I do not believe they were cheating to get a win. There birds were trained bred and handled right. They flew there birds mostly on the short races. They did not push there birds as young birds or yearling birds. And the story everyone likes to win But nobody like a winner. People do not like to keep loosing to the same person time after time. So being bannde was more for doing away with the consistant winner for a time. Janssen birds Have over the years contributed to many race people improvement of there birds. Now a family goes Starting in known janssen birds then the person own breeding concept. The birds do develop into that person line/ family With a janssen base as foundation. Many people cross But many so called strain names Have a janssen base. AND only so many years can go by without introducing new blood. If your name was charlie and had gret birds People would call them charlies BUT for history of the modern race bird The brothers will be long remembered.


----------



## Jimhalekw (Jan 1, 2010)

I think it has been well proven that they were not cheating. To say that Janssens are a legend in pigeon racing is a vast understatement.


----------



## MaryOfExeter (Sep 30, 2007)

Many, many strains/lines/families, and just fancier's flocks in general (not necessarily something 'established'), have had some Janssen blood in them at some point. May be quite far back in their ancestry (too far to really make a difference), but it's probably there. Janssens have got to be the most famous strain of all time. Anyone who knows racing pigeons, has heard of Janssens, and should know who the Janssen Bros. were. Many current strains may very well be at least partially Janssen based, but once they become their own strain/family, a lot of those base names are forgotten or replaced with the new name after some time.
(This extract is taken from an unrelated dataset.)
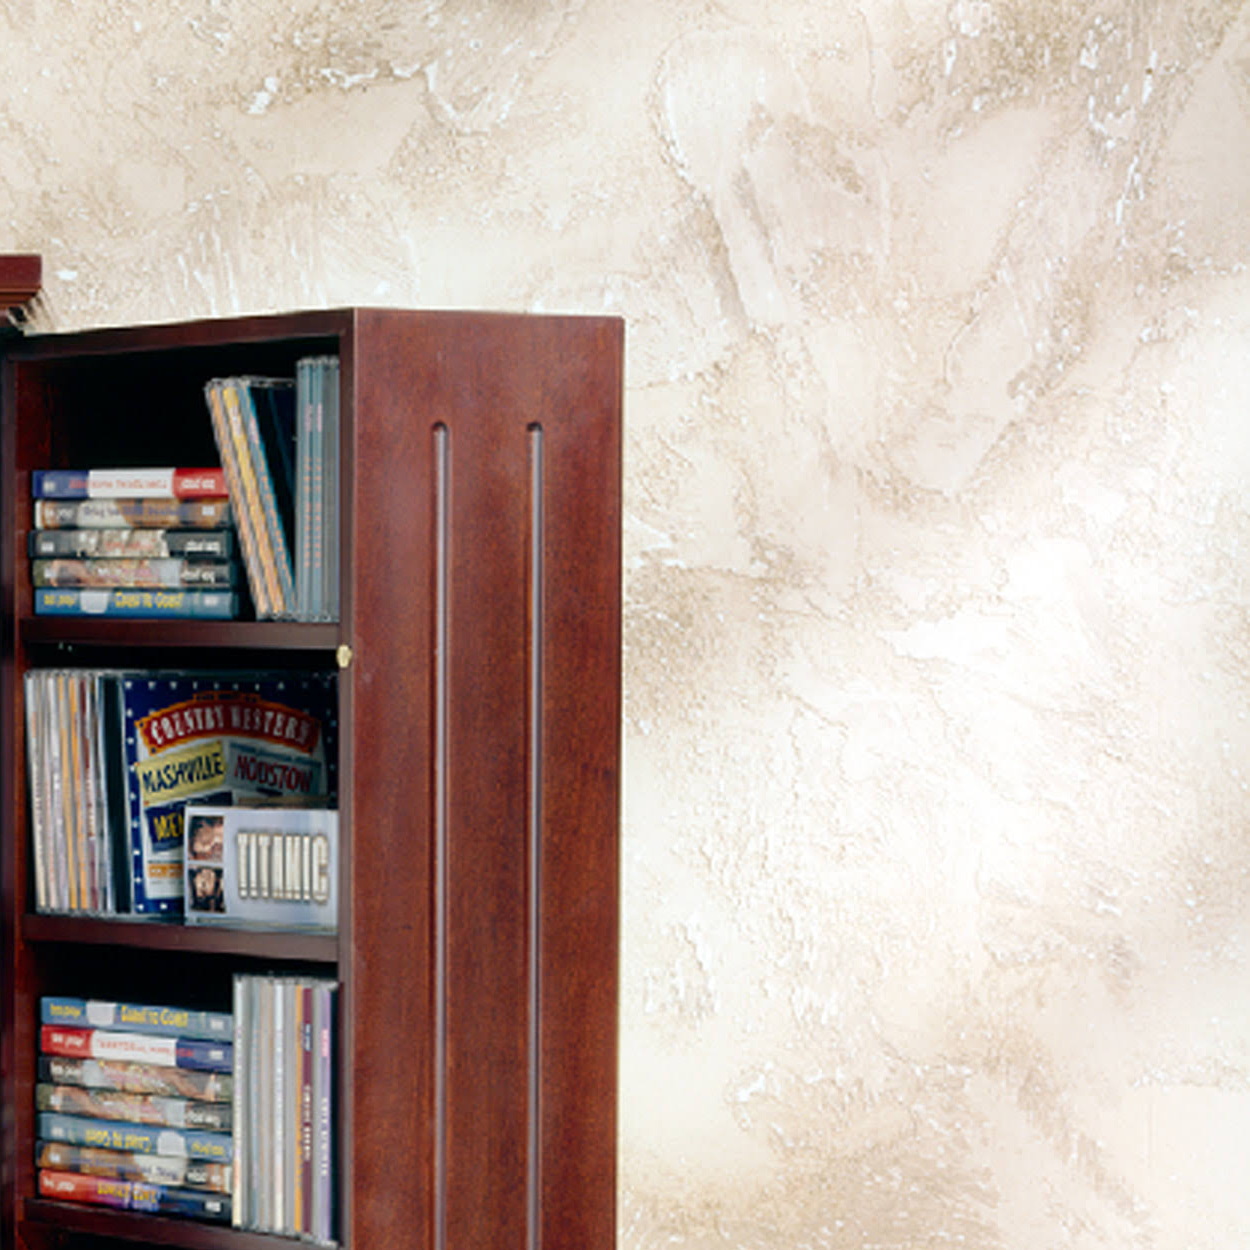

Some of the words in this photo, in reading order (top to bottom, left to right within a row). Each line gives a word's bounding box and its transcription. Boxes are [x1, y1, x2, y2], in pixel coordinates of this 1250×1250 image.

[142, 753, 224, 793] NASHVILLE
[234, 755, 313, 793] HOUSTON
[236, 829, 330, 903] TITANIC
I think meulemans and janssens are connected somehow but I can't remember exactly how. The White Bandit birds at Hapyco are Janssens (or well, White Bandit was direct, but I'm sure other things have been mixed in by now).


----------



## hillfamilyloft (Jun 22, 2005)

Many of my birds are down from Janssens, but I only have one that I can truly call a Janssen. All four of her grandparents came out of the Janssen loft. The rest may go back 100% to Janssen stock, but are a few more generations from the actual loft. 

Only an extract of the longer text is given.